In March 2018, the United Kingdom was reported to be the largest world producer of “legal” cannabis, otherwise known as “medical” marijuana. This was based on 2017 data with the International Narcotics Control Board (INCB), which is the independent and quasi-judicial control organ for the implementation of the United Nations (UN) drug conventions.
The report is particularly interesting to me given the fact that UK is producing, and exporting, medicinal marijuana, despite the fact that its own laws make it illegal for its people to produce, possess, or use marijuana, even medically. This is also in light of efforts in our own Congress to legalize the use of medical marijuana in the Philippines.

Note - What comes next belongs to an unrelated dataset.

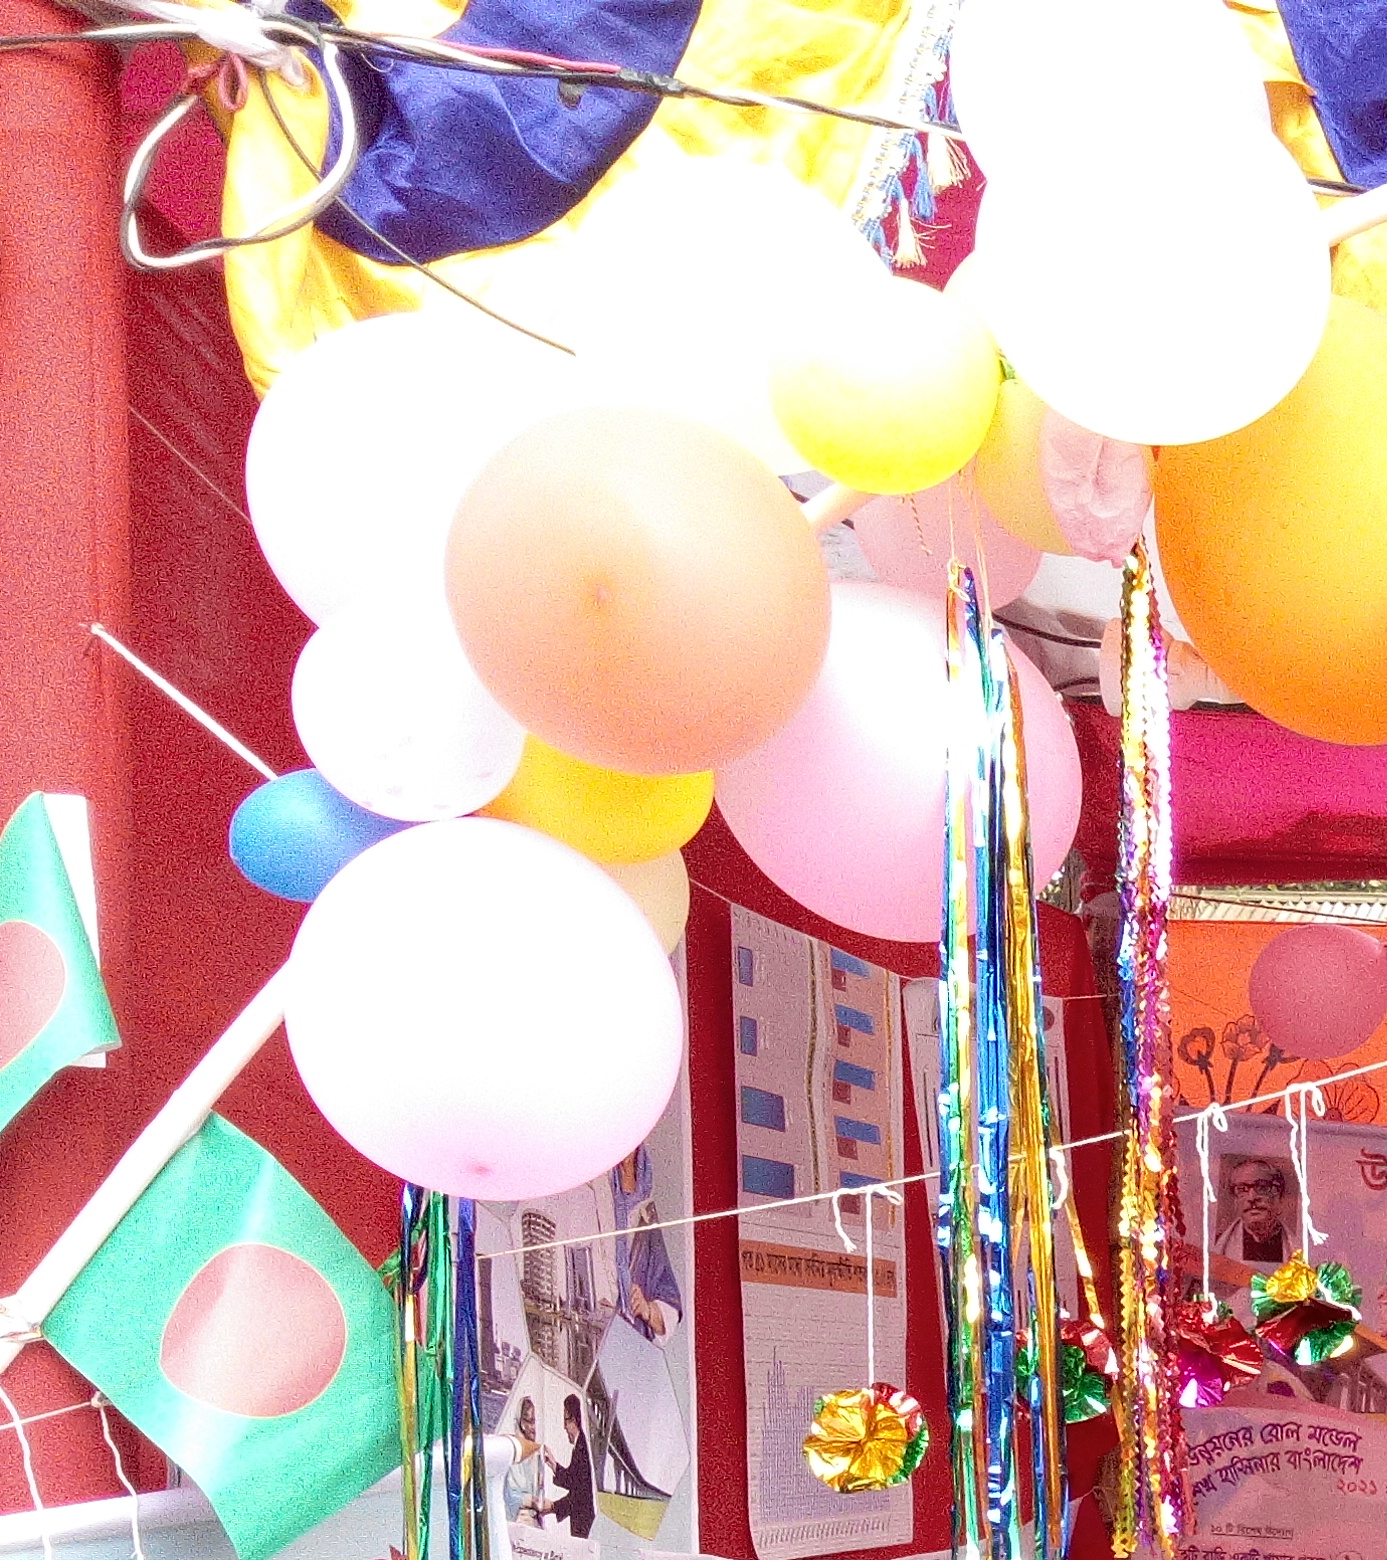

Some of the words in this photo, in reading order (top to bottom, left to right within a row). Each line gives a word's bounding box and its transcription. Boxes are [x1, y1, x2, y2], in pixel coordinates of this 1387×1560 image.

[1260, 1422, 1301, 1444] রোল
[1285, 1447, 1363, 1474] বাংলাদেশ
[1335, 1476, 1378, 1496] ২০২১
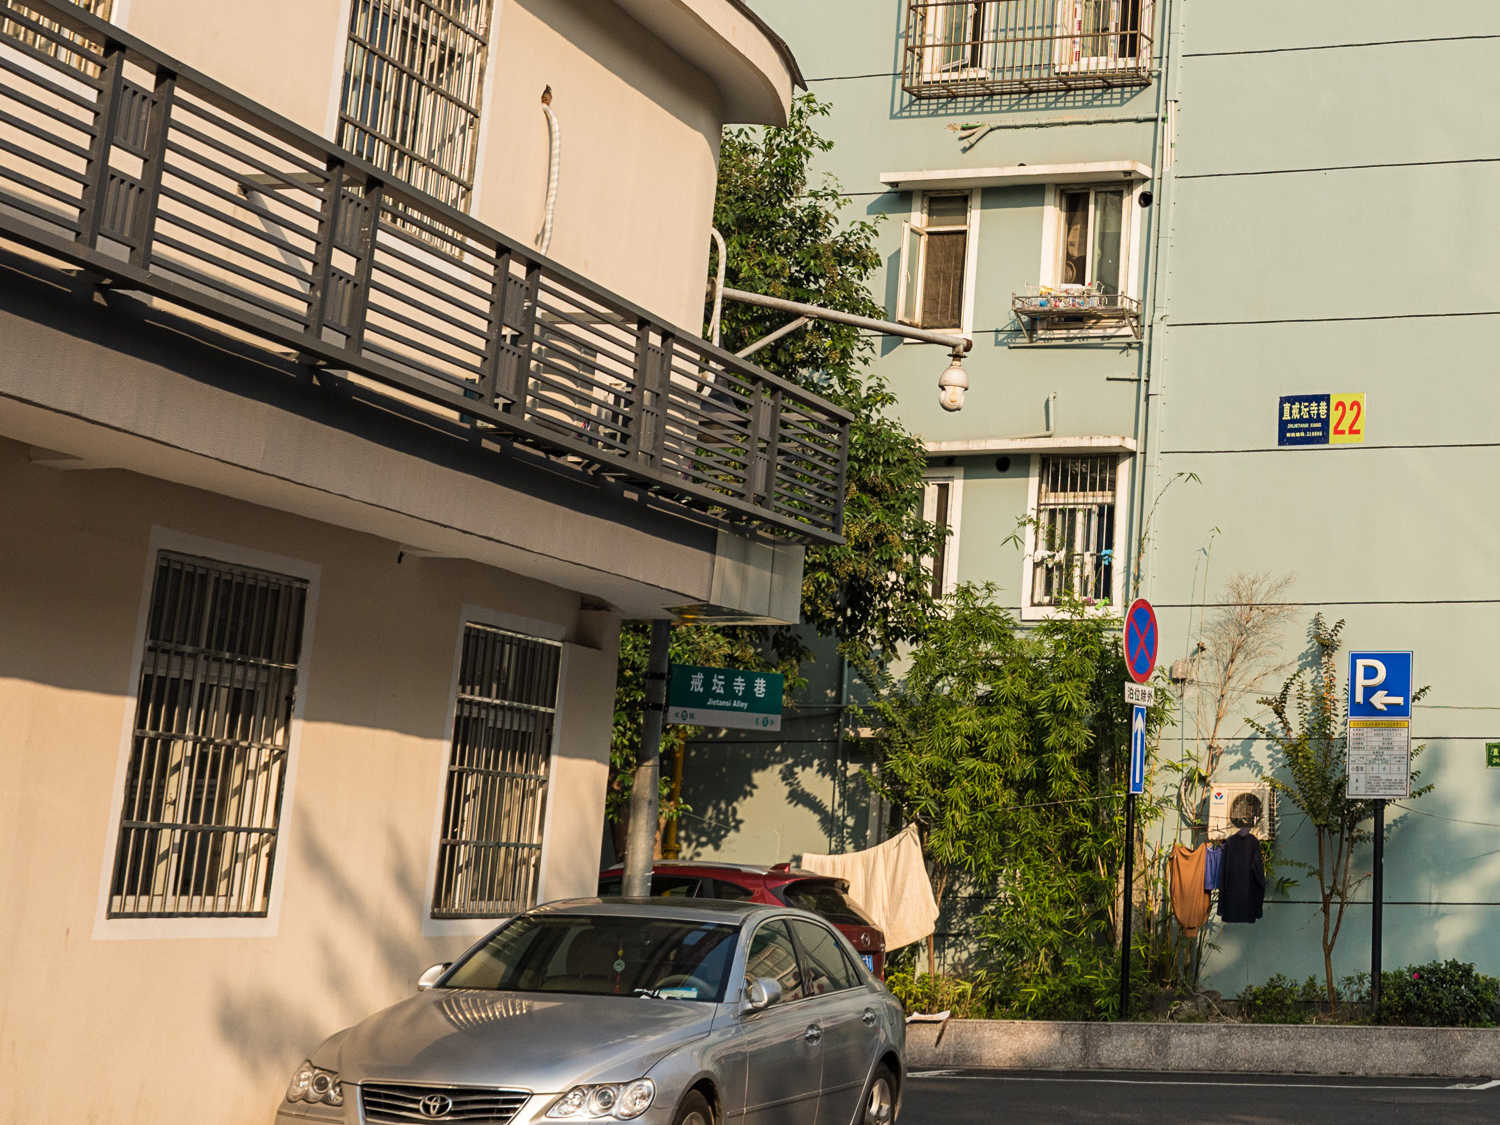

The UK situation has been labeled by some British citizens as hypocritical, where the UK government prohibits the local use of medical marijuana but allows its production for export. To me, however, it indicates that one country can actually produce — and export — a product even while it is still deemed illegal in its own territory. In short, I perceive an opportunity here for us.
UK online publication The Independent reported in March 2018 that the UK was also the largest exporter of medical marijuana, with 2.1 tons exported in 2016, or roughly 70% of the world total. The report noted, quoting INCB data, that 95 tons of marijuana was also produced in the UK in 2016 for medicinal and scientific use, accounting for 44.9% of the world total.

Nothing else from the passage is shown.